Scanning with Scapy

Scapy is a powerful tool that can be used to manipulate network packets. While we will not be going into great depth of all that can be accomplished with Scapy, we will use it in this recipe to determine which TCP ports are open on a target. In identifying which ports are open on a target, you may be able to determine the types of services that are running and use these to then further your testing.

How to do it…

This is the script that will perform a port scan on a specific target in a given port range. It takes arguments for the target, the start of the port range and the end of the port range:

import logging
logging.getLogger("scapy.runtime").setLevel(logging.ERROR)

import sys 
from scapy.all import *

if len(sys.argv) !=4:
    print "usage: %s target startport endport" % (sys.argv[0])
    sys.exit(0)

target = str(sys.argv[1])
startport = int(sys.argv[2])
endport = int(sys.argv[3])
print "Scanning "+target+" for open TCP ports
"
if startport==endport:
  endport+=1
for x in range(startport,endport):
    packet = IP(dst=target)/TCP(dport=x,flags="S")
    response = sr1(packet,timeout=0.5,verbose=0)
    if response.haslayer(TCP) and response.getlayer(TCP).flags == 0x12:
    print "Port "+str(x)+" is open!"
    sr(IP(dst=target)/TCP(dport=response.sport,flags="R"), timeout=0.5, verbose=0)

print "Scan complete!
"

How it works…

The first thing you notice about this recipe is the starting two lines of the script:

import logging
logging.getLogger("scapy.runtime").setLevel(logging.ERROR)

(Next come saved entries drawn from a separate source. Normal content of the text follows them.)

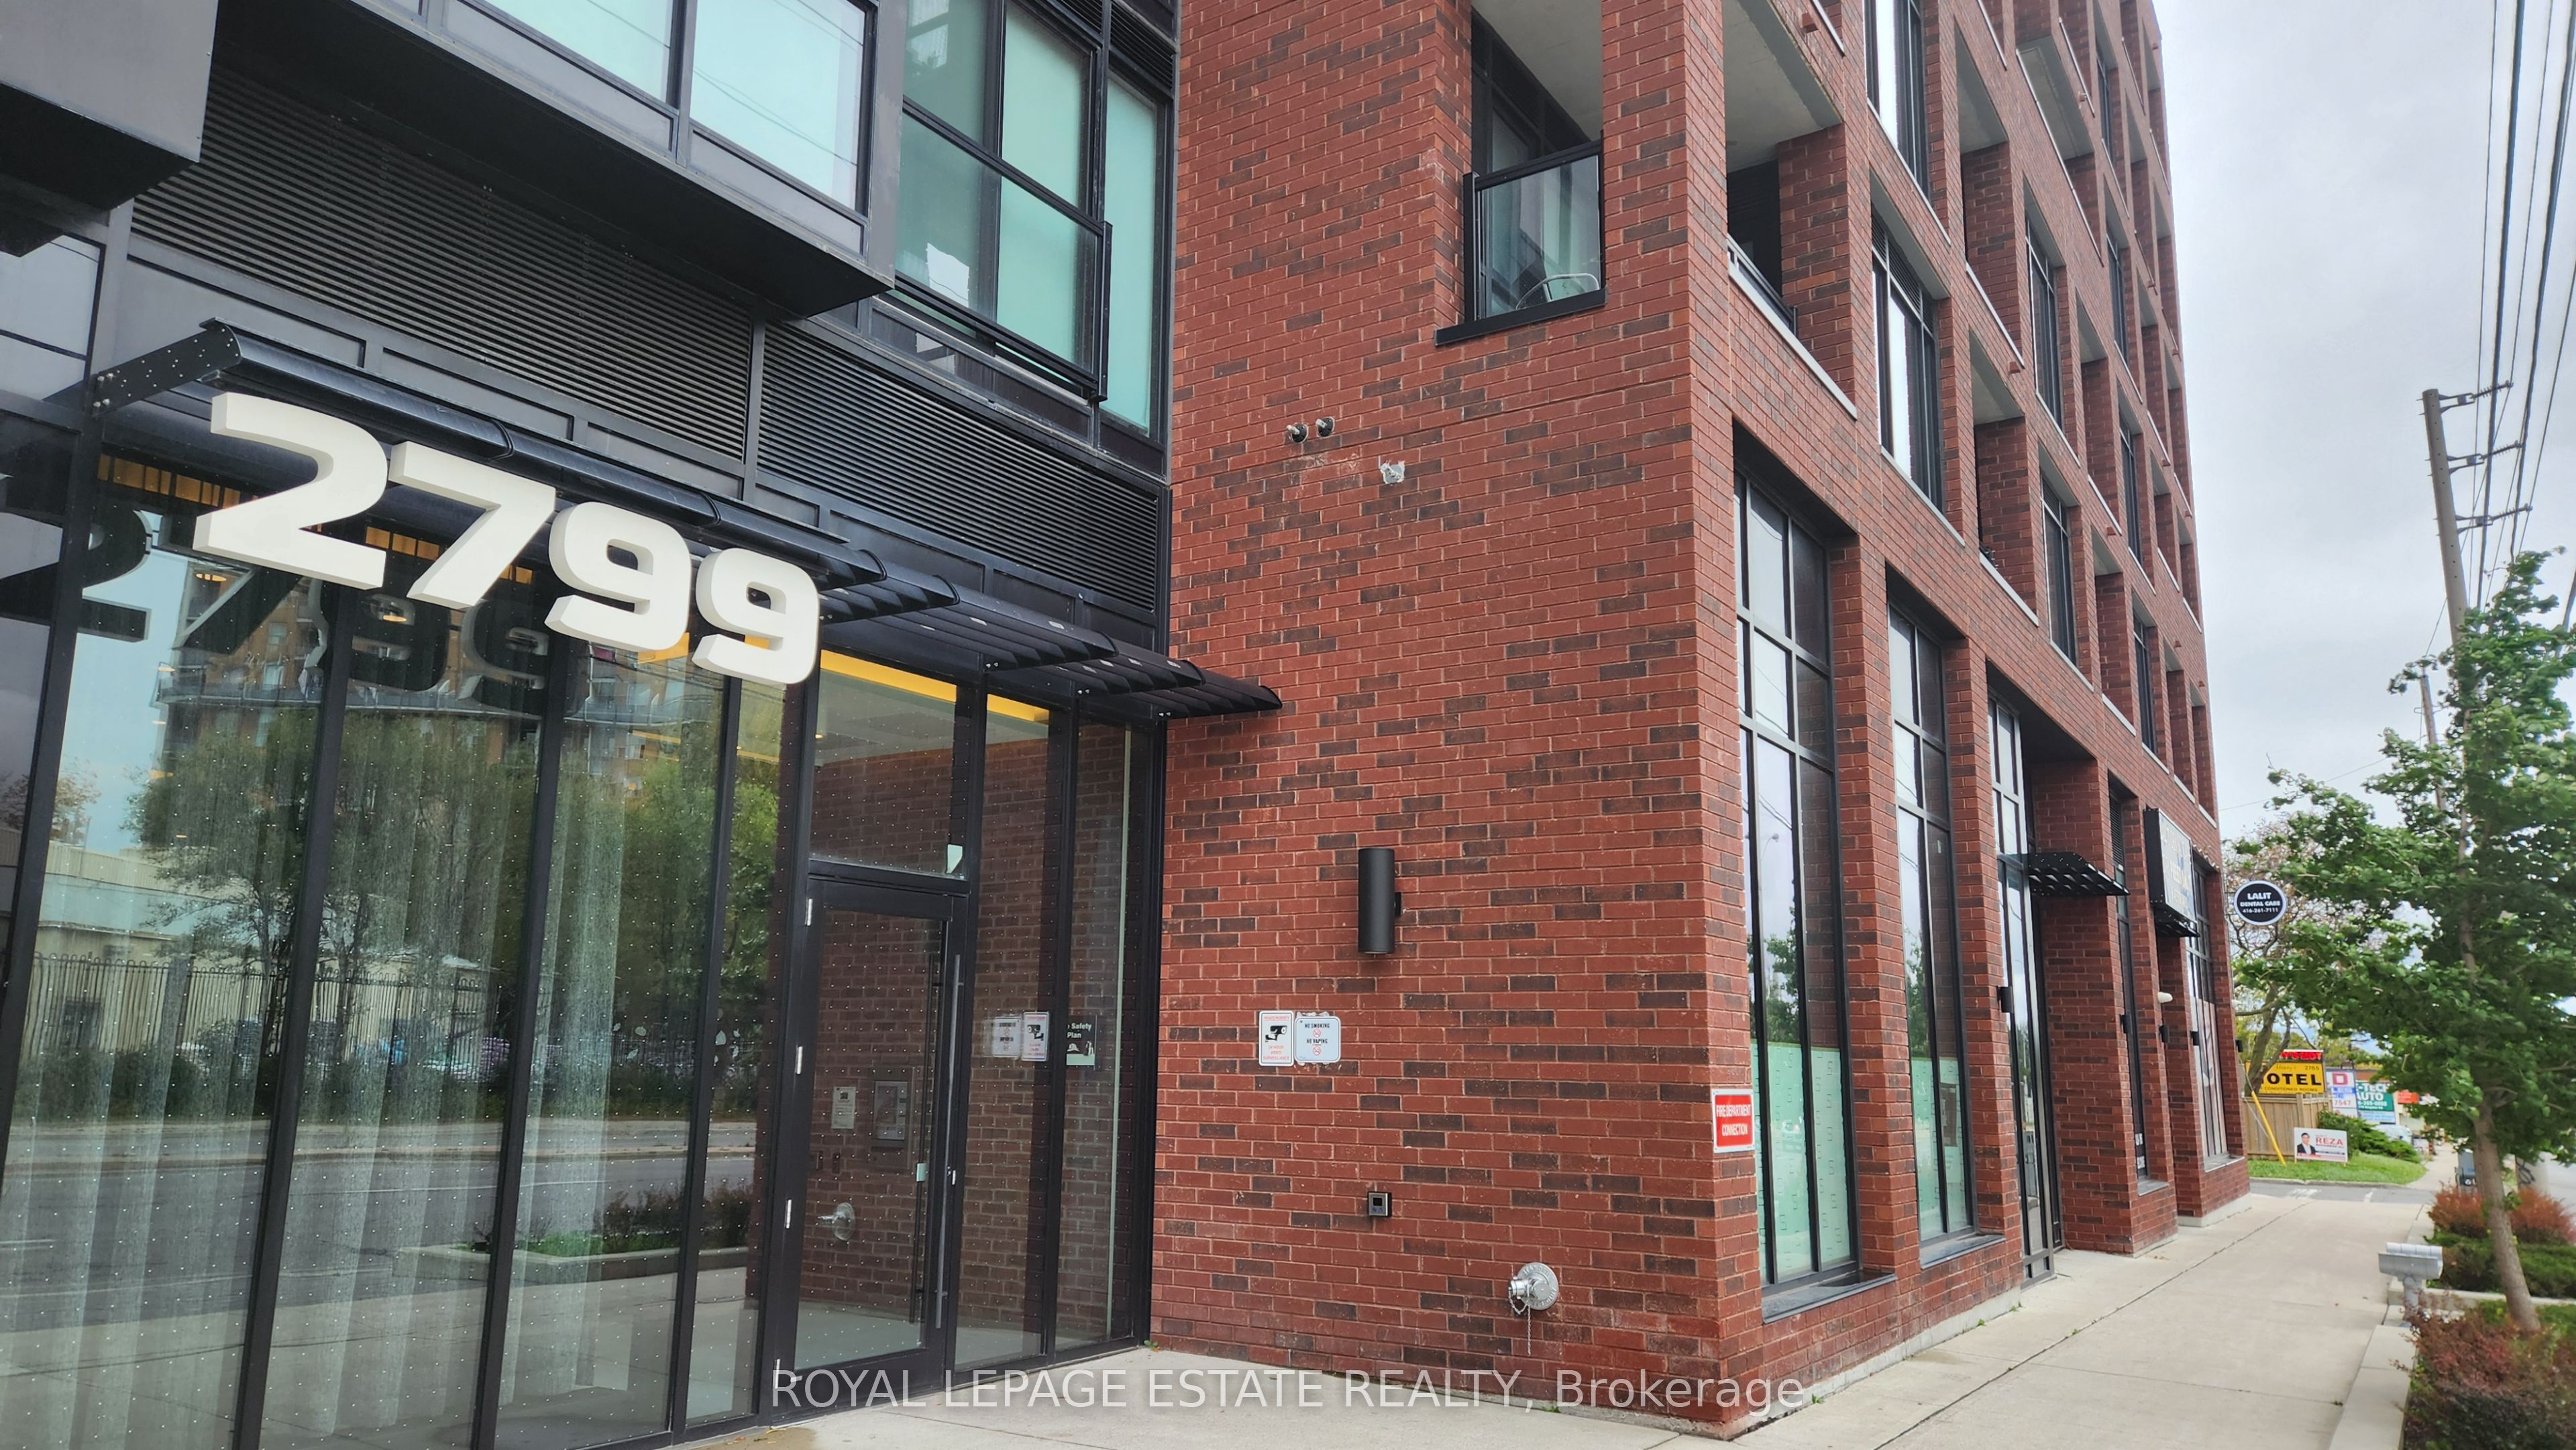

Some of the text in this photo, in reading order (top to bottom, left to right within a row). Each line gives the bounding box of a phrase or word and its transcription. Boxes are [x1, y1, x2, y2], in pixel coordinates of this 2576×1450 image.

[193, 391, 819, 685] 2799
[1071, 1023, 1092, 1032] Safety
[2261, 1073, 2321, 1086] OTEL
[1716, 1104, 1752, 1117] FIRE DEPARTMENT
[1721, 1123, 1748, 1137] CONNECTION
[2315, 1137, 2343, 1146] REZA

These lines serve to suppress a warning created by Scapy when IPv6 routing isn't configured, which causes the following output:

WARNING: No route found for IPv6 destination :: (no default route?)

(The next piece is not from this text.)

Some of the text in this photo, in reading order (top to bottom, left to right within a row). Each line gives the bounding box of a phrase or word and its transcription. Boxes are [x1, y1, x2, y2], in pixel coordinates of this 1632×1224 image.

This isn't essential for the functionality of the script, but it does make the output tidier when you run it.

The next few lines will validate the number of arguments and assign the arguments to variables for use in the script. The script also checks to see whether the start and end of the port range are the same and increments the end port in order for the loop to be able to work.

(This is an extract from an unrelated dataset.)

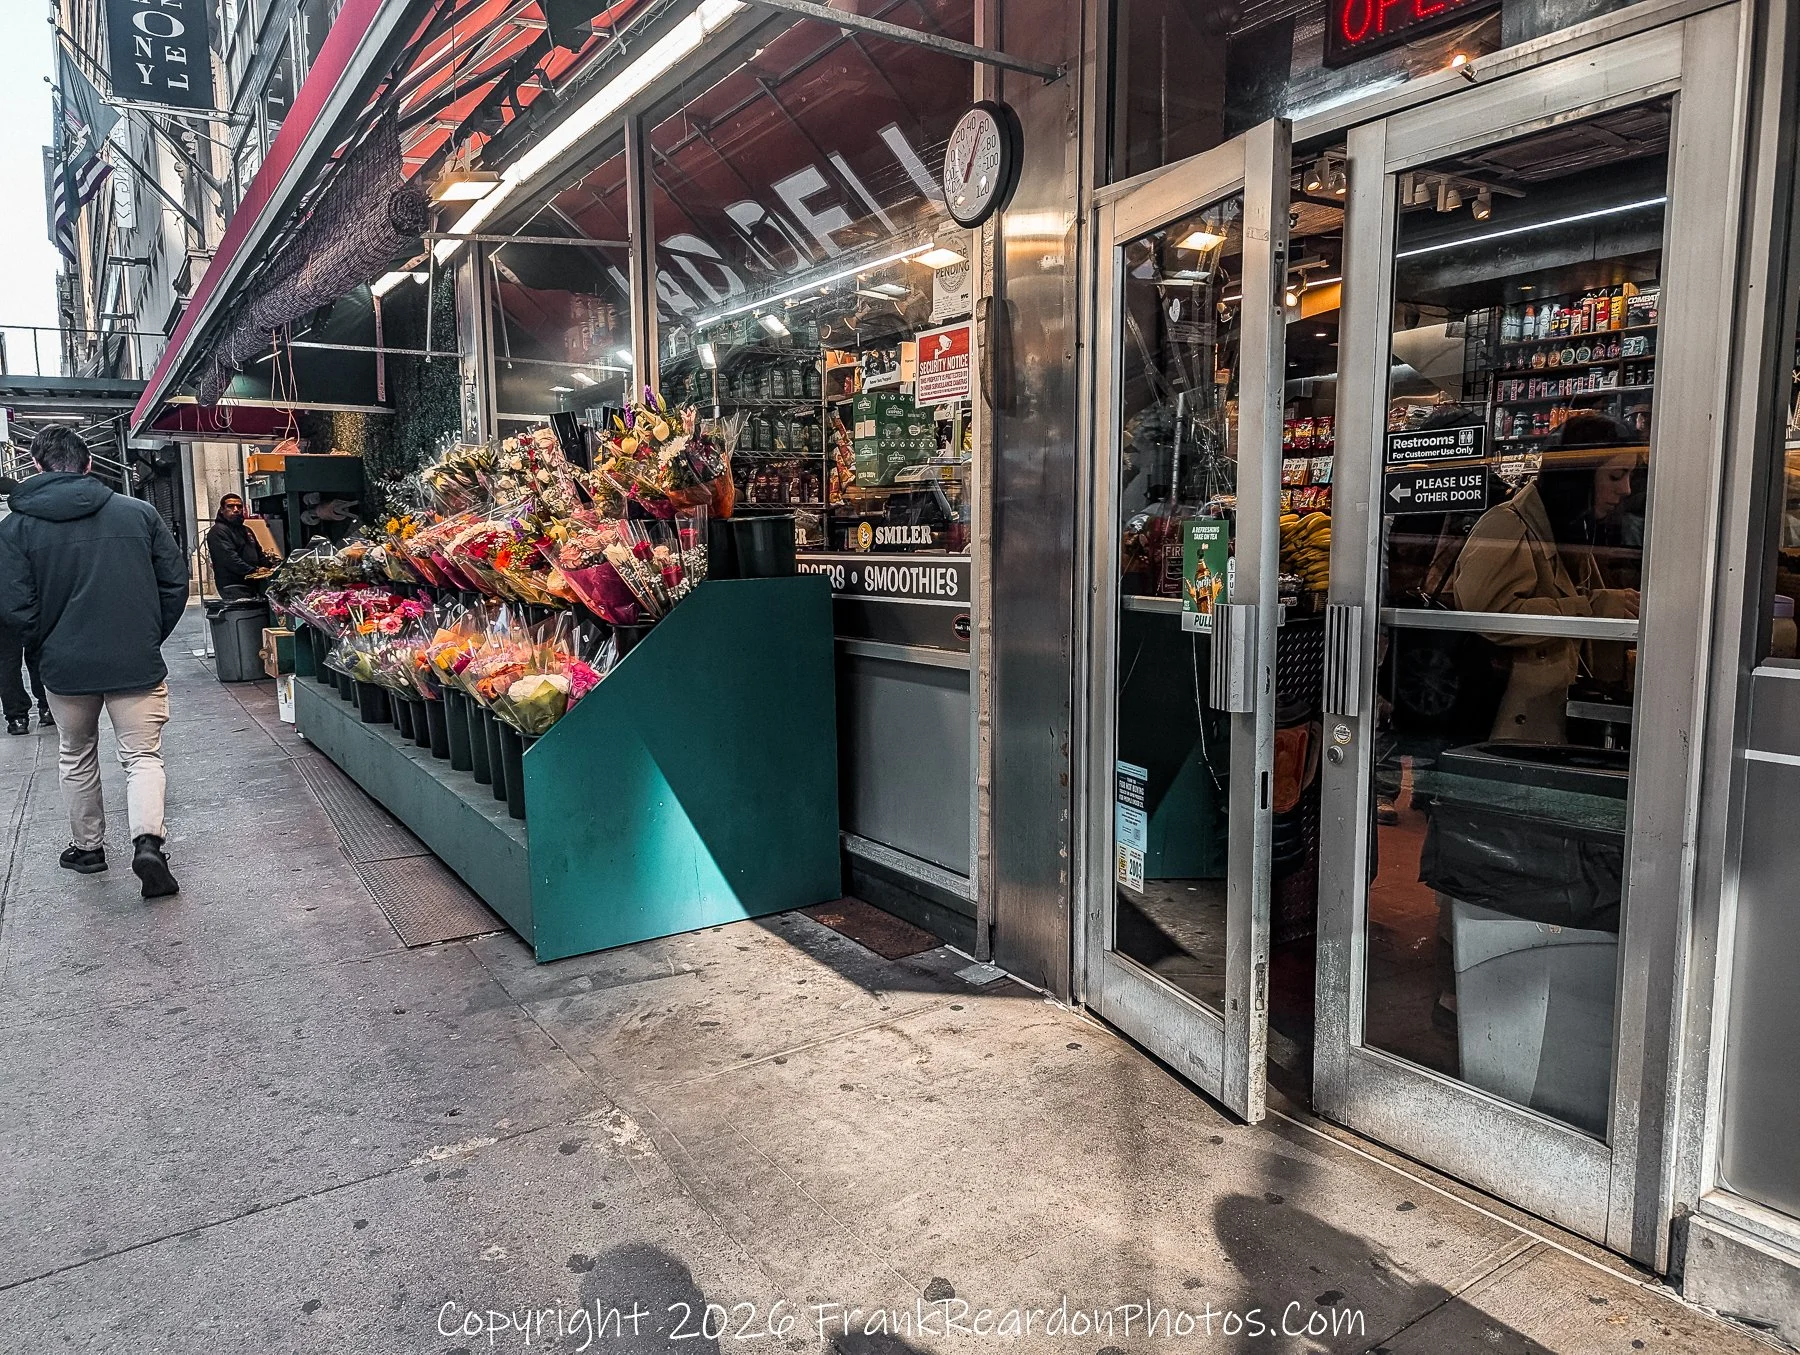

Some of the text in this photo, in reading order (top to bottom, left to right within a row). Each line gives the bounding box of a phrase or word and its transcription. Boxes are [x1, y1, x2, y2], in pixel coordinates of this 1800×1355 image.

After all of the setting up, we'll loop through the port range and the real meat of the script comes along. First, we create a rudimentary TCP packet:

packet = IP(dst=target)/TCP(dport=x,flags="S")

We then use the sr1 command. This command is an abbreviation of send/receive1. This command will send the packet we have created and receive the first packet that is sent back. The additional parameters we have supplied include a timeout, so the script will not hang for closed or filtered ports, and the verbose parameter we have set will turn off the output that Scapy normally creates when sending packets.

The script then checks whether there is a response that contains TCP data. If it does contain TCP data, then the script will check for the SYN and ACK flags. The presence of these flags would indicate a SYN-ACK response, which is part of the TCP protocol handshake and shows that the port is open.

If it is determined that a port is open, an output is printed to this effect and the next line of code sends a reset:

sr(IP(dst=target)/TCP(dport=response.sport,flags="R"),timeout=0.5, verbose=0)

This line is necessary in order to close the connection and prevent a TCP SYN-flood attack from occurring if the port range and the number of open ports are large.

There's more…

In this recipe, we showed you how Scapy can be used to perform a TCP port scan. The techniques used in this recipe can be adapted to perform a UDP port scan on a host or a ping scan on a range of hosts.